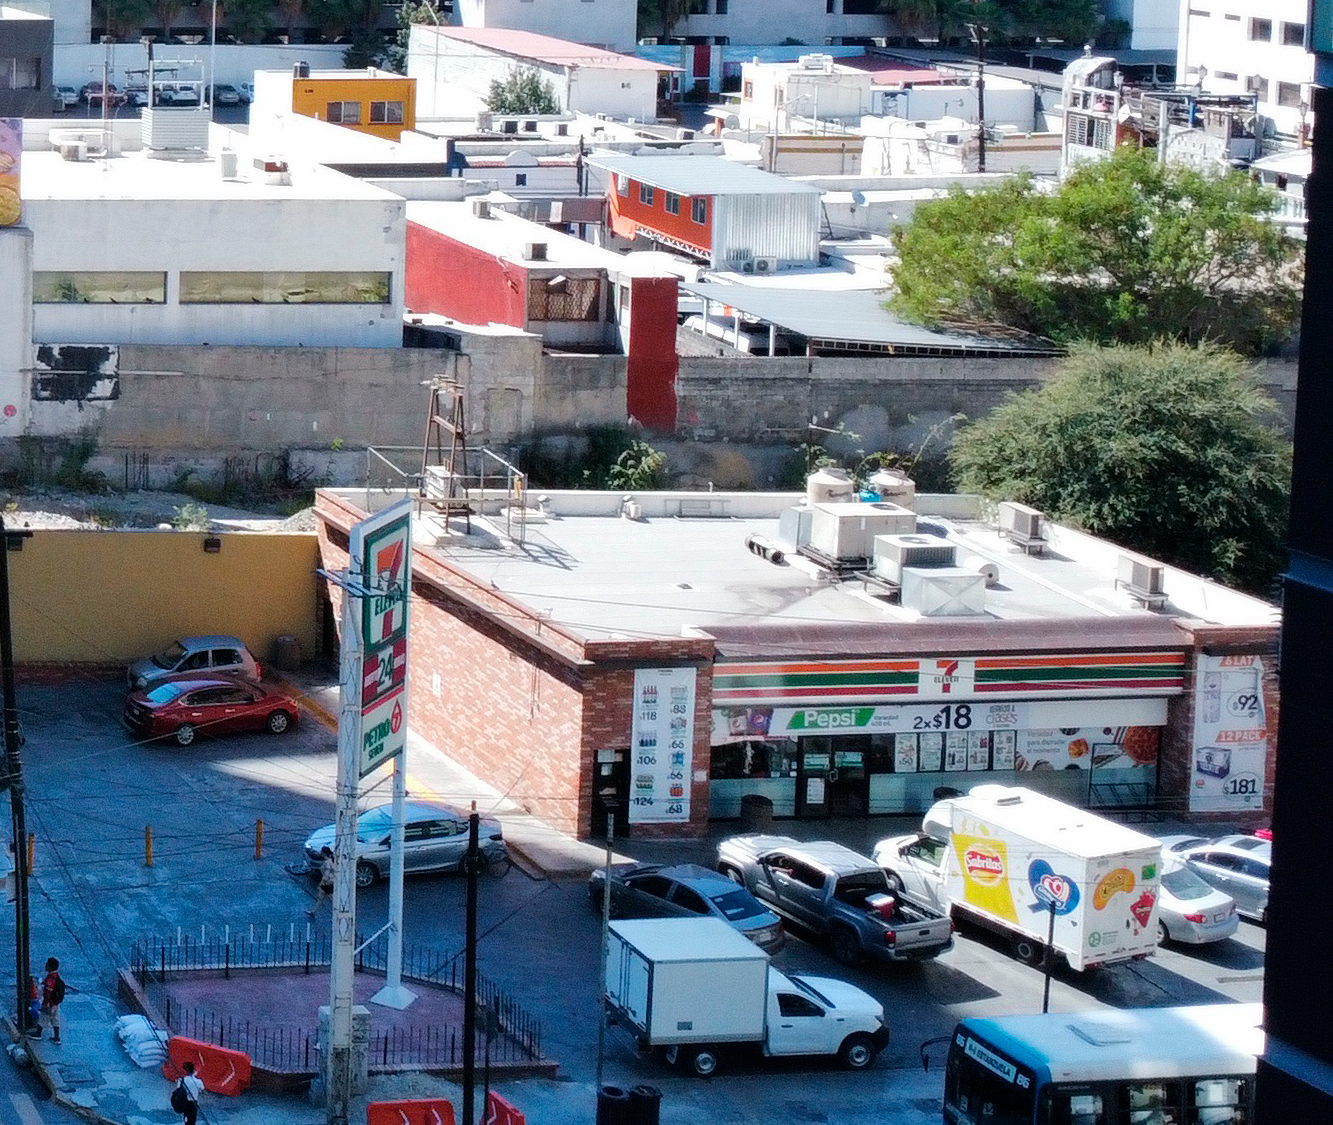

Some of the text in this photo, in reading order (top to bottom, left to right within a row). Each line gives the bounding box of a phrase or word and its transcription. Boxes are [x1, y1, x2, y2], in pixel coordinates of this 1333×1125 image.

[378, 652, 394, 690] 24
[936, 660, 958, 694] 7
[363, 718, 390, 752] PETRO
[804, 709, 856, 728] Pepsi
[1220, 730, 1260, 741] 12 PACK
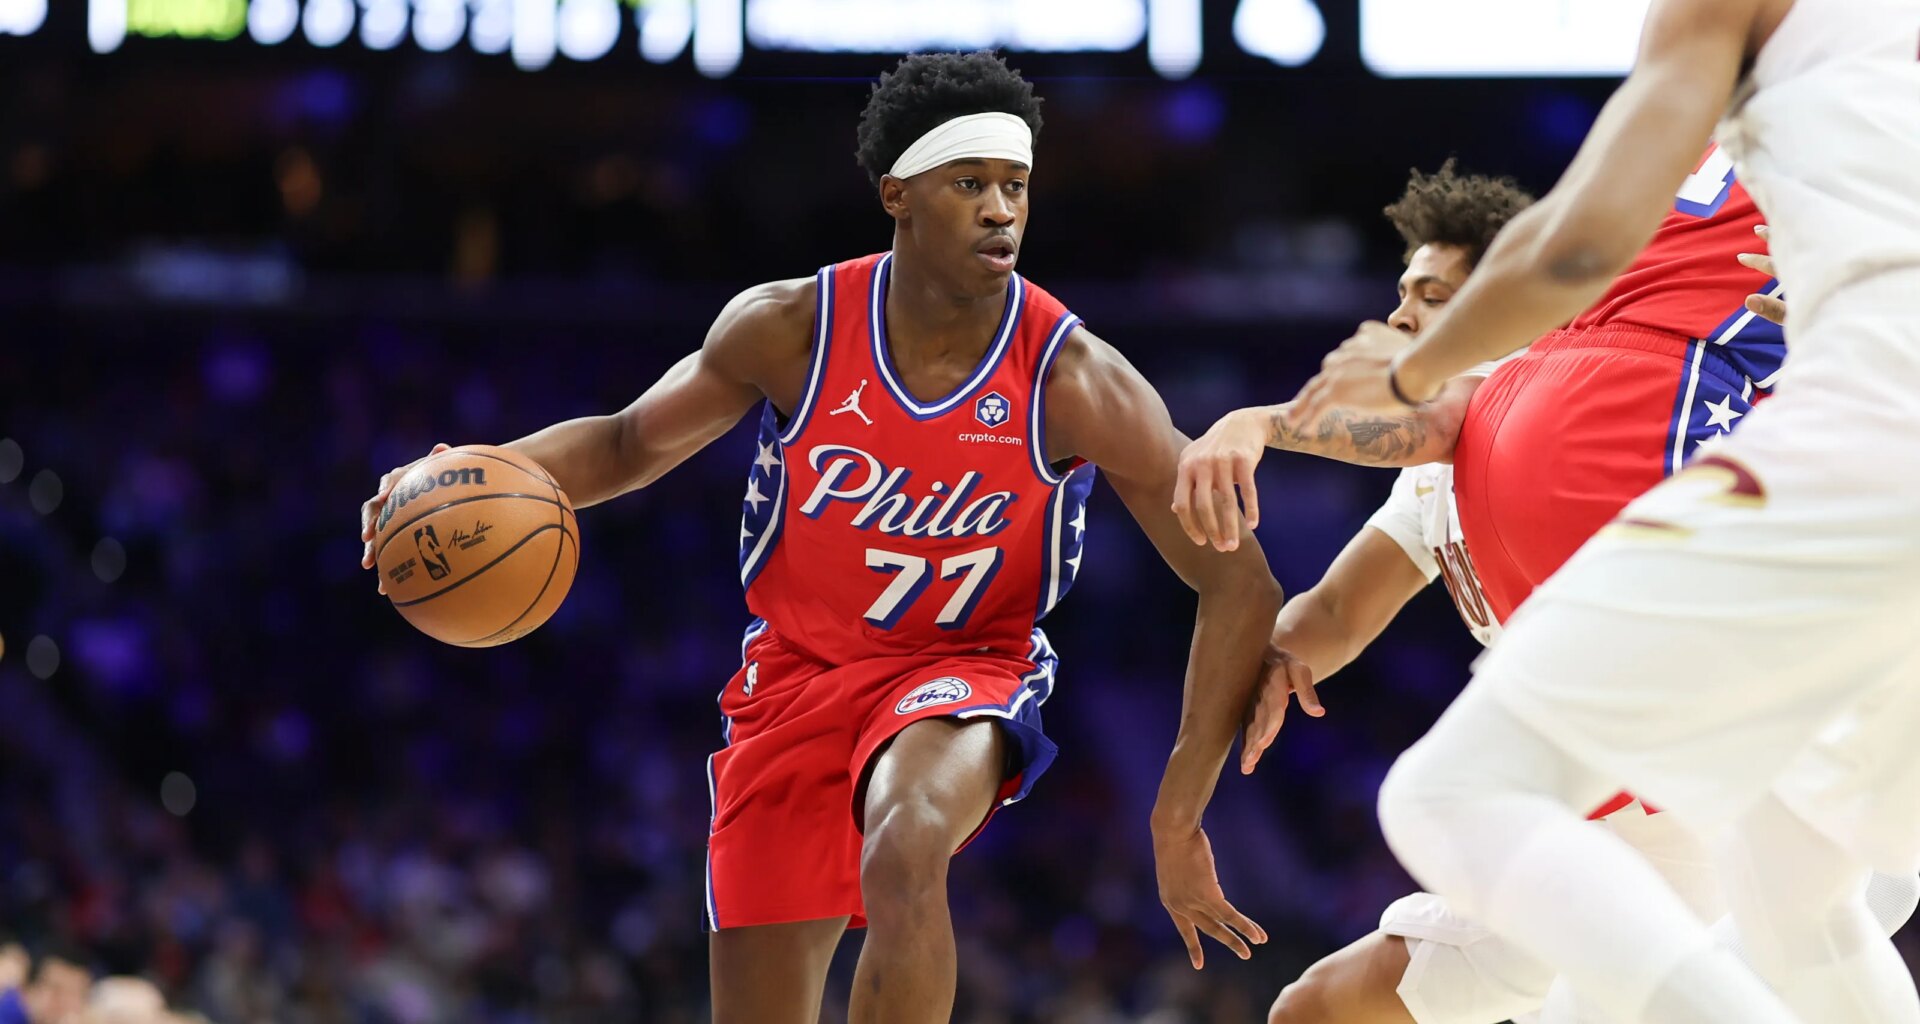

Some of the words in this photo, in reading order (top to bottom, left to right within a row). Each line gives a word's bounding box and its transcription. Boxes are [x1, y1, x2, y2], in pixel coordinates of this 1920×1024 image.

[958, 432, 1022, 446] crypto.com
[799, 444, 1016, 539] Phila
[863, 546, 1001, 628] 77
· · ·
Retype all of the listing word for word and skip the pictures.

> Output of the exercise
Some of the text in this photo, in reading order (top to bottom, left to right within a row). Each line gives the bounding box of a phrase or word and its transcription. Boxes are [x1, y1, x2, y2], in pixel coordinates of this 1333×1125 image.

[378, 652, 394, 690] 24
[936, 660, 958, 694] 7
[363, 718, 390, 752] PETRO
[804, 709, 856, 728] Pepsi
[1220, 730, 1260, 741] 12 PACK

Some of the words in this photo, in reading order (top to bottom, left to right within a row). Each line gives a word's bounding box and its transcription. Boxes are [x1, y1, x2, y2], in pixel coordinates of this 1920×1024 image.

[958, 432, 1022, 446] crypto.com
[799, 444, 1016, 539] Phila
[863, 546, 1001, 628] 77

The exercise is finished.